** Opening DATA FOR ANALYSIS block **

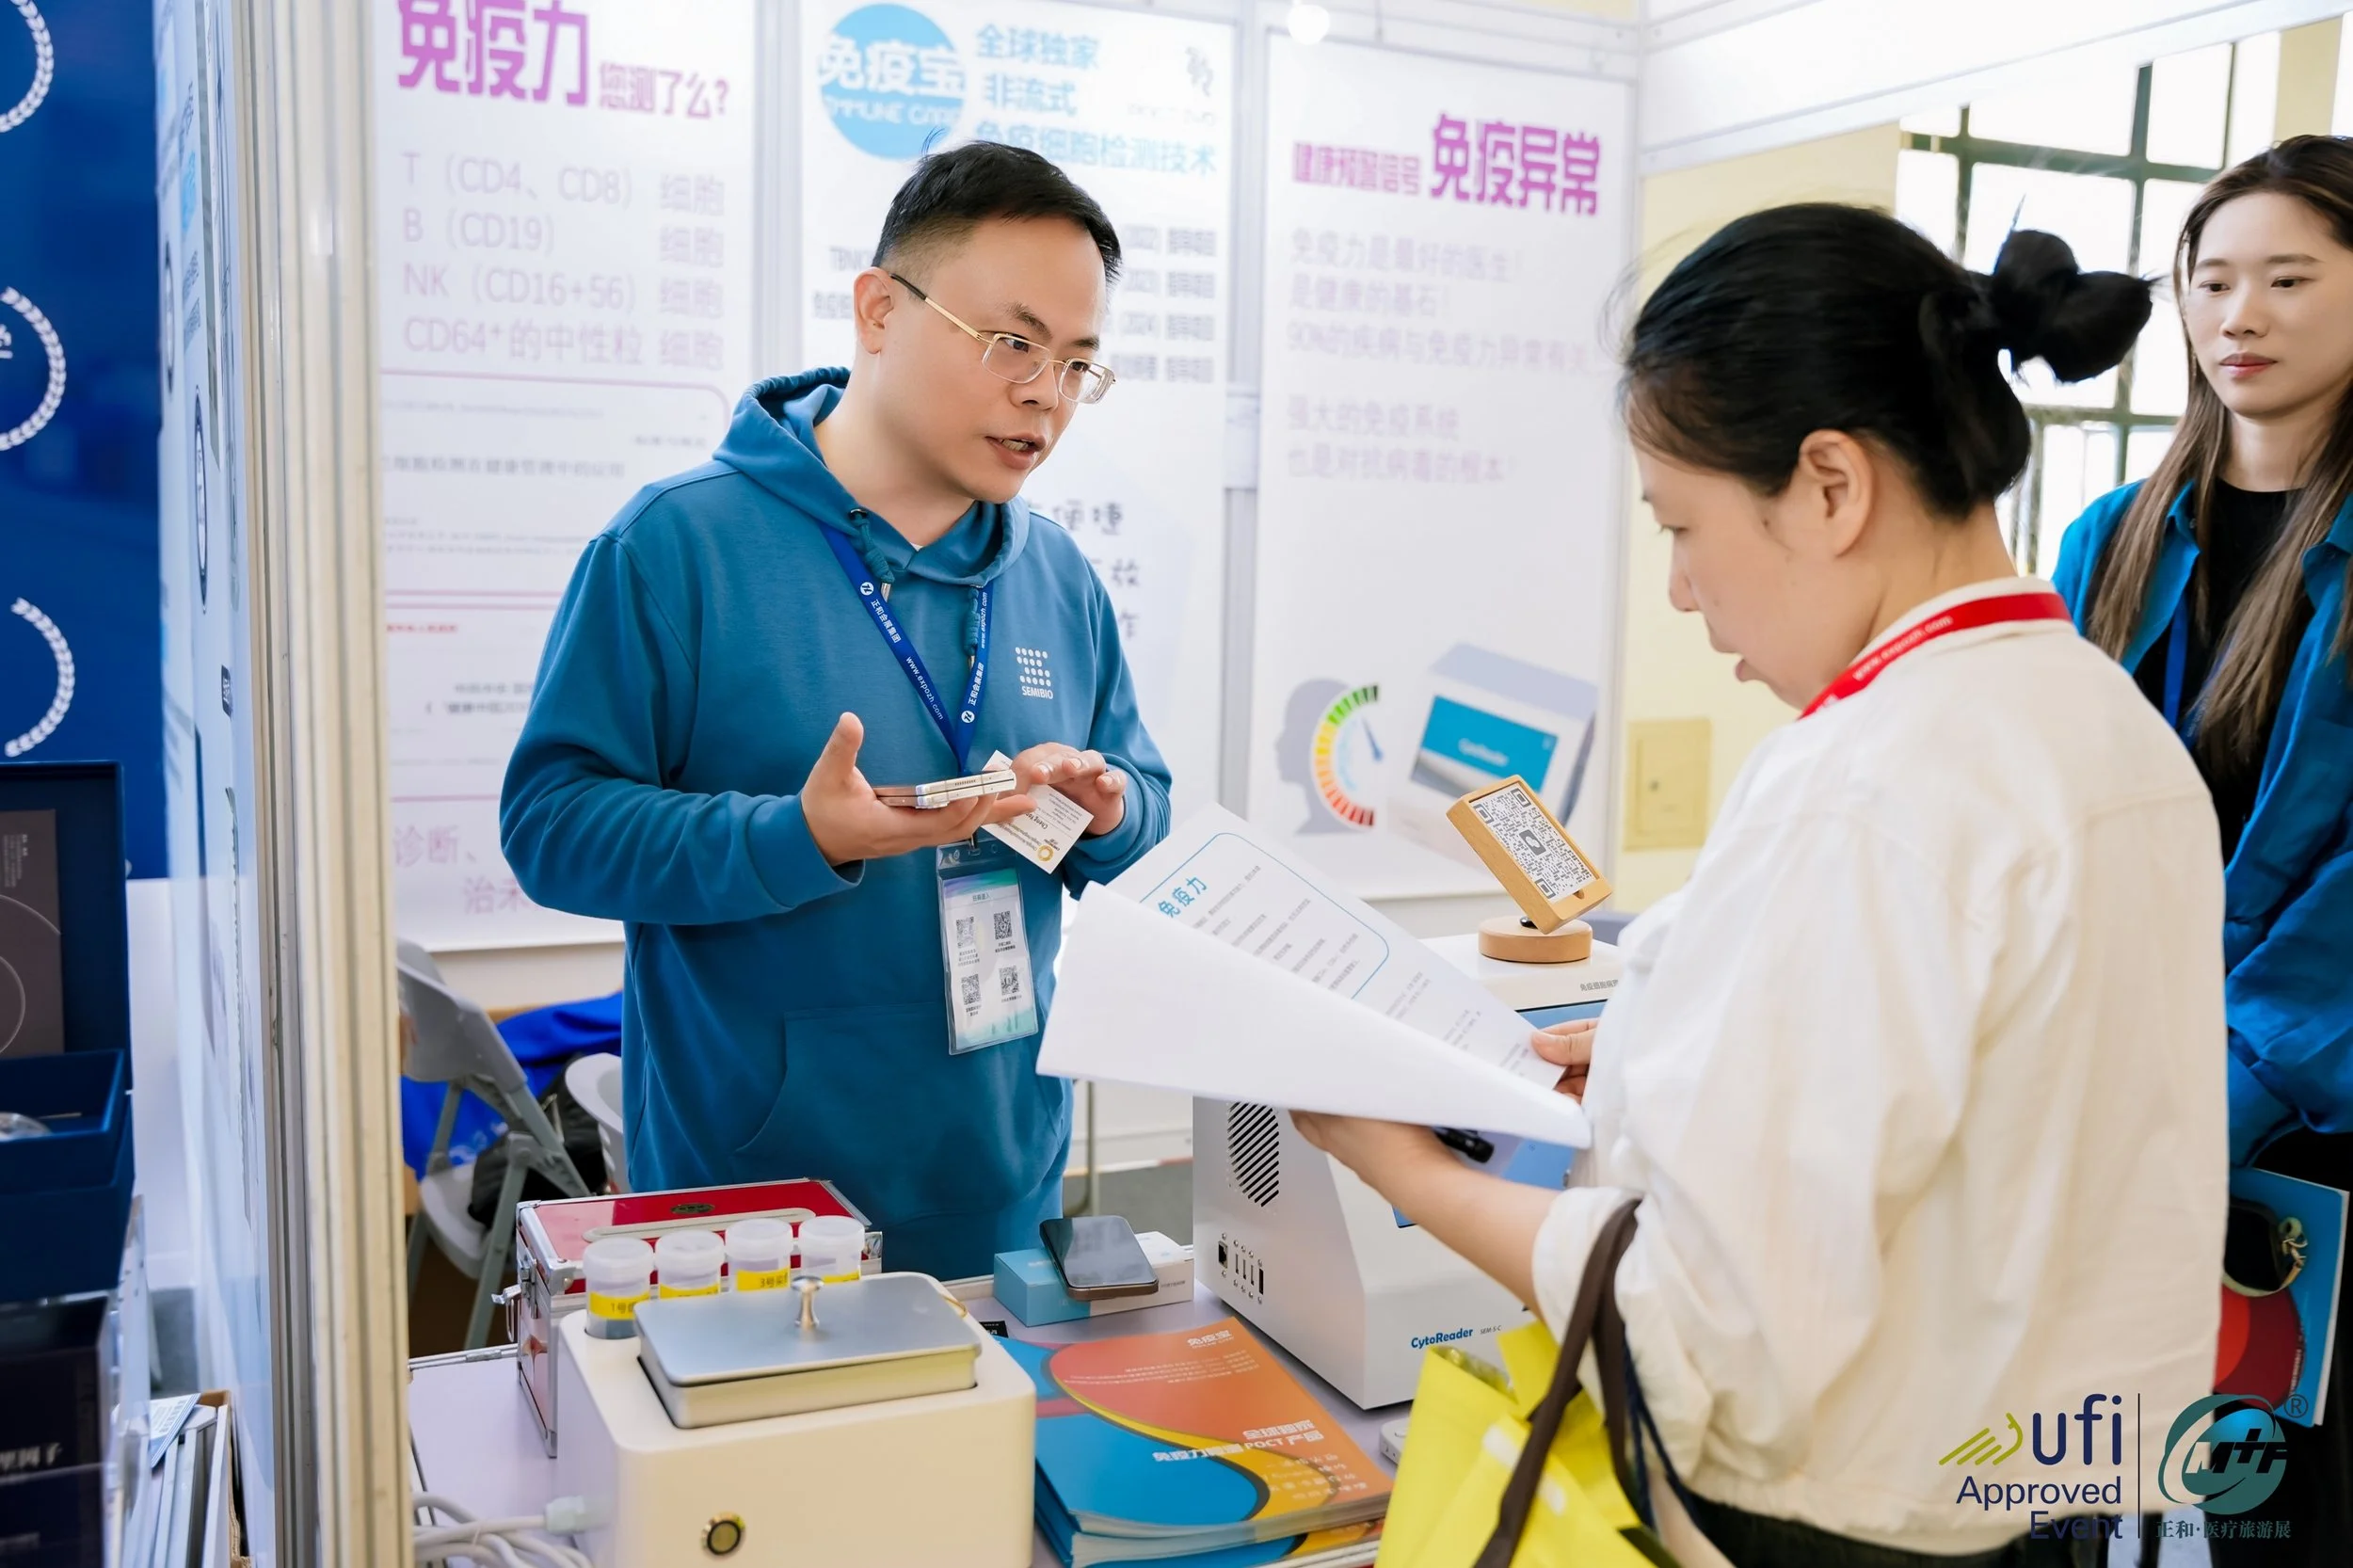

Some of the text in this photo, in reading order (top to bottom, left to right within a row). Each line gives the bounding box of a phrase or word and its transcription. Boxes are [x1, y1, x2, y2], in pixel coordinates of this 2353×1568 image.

[397, 0, 589, 105] 免疫力
[975, 22, 1100, 69] 全球独家
[984, 72, 1080, 117] 非流式
[1430, 112, 1600, 216] 免疫异常
[659, 173, 726, 216] 细胞
[402, 206, 424, 243] B
[659, 226, 726, 269] 细胞
[402, 263, 450, 298] NK
[659, 278, 726, 320] 细胞
[658, 329, 726, 371] 细胞
[871, 599, 902, 644] 正和会展集团
[905, 655, 944, 721] www.expozh.com
[1021, 685, 1054, 700] SEMIBIO
[1157, 875, 1209, 919] 免疫力
[1187, 1330, 1232, 1346] 免疫宝
[1411, 1327, 1474, 1351] CytoReader
[1242, 1419, 1316, 1440] 全球独家
[1244, 1437, 1285, 1450] POCT
[1286, 1430, 1324, 1446] 产品

** Closing DATA FOR ANALYSIS block **

▶ [WORK INSTRUCTION] The reply must consist of the complete listing, reproduced exactly, with no images.

▶ [YOUR SOLUTION]
Some of the text in this photo, in reading order (top to bottom, left to right within a row). Each line gives the bounding box of a phrase or word and its transcription. Boxes are [x1, y1, x2, y2], in pixel coordinates of this 2353×1568 image.

[397, 0, 589, 105] 免疫力
[975, 22, 1100, 69] 全球独家
[984, 72, 1080, 117] 非流式
[1430, 112, 1600, 216] 免疫异常
[659, 173, 726, 216] 细胞
[402, 206, 424, 243] B
[659, 226, 726, 269] 细胞
[402, 263, 450, 298] NK
[659, 278, 726, 320] 细胞
[658, 329, 726, 371] 细胞
[871, 599, 902, 644] 正和会展集团
[905, 655, 944, 721] www.expozh.com
[1021, 685, 1054, 700] SEMIBIO
[1157, 875, 1209, 919] 免疫力
[1187, 1330, 1232, 1346] 免疫宝
[1411, 1327, 1474, 1351] CytoReader
[1242, 1419, 1316, 1440] 全球独家
[1244, 1437, 1285, 1450] POCT
[1286, 1430, 1324, 1446] 产品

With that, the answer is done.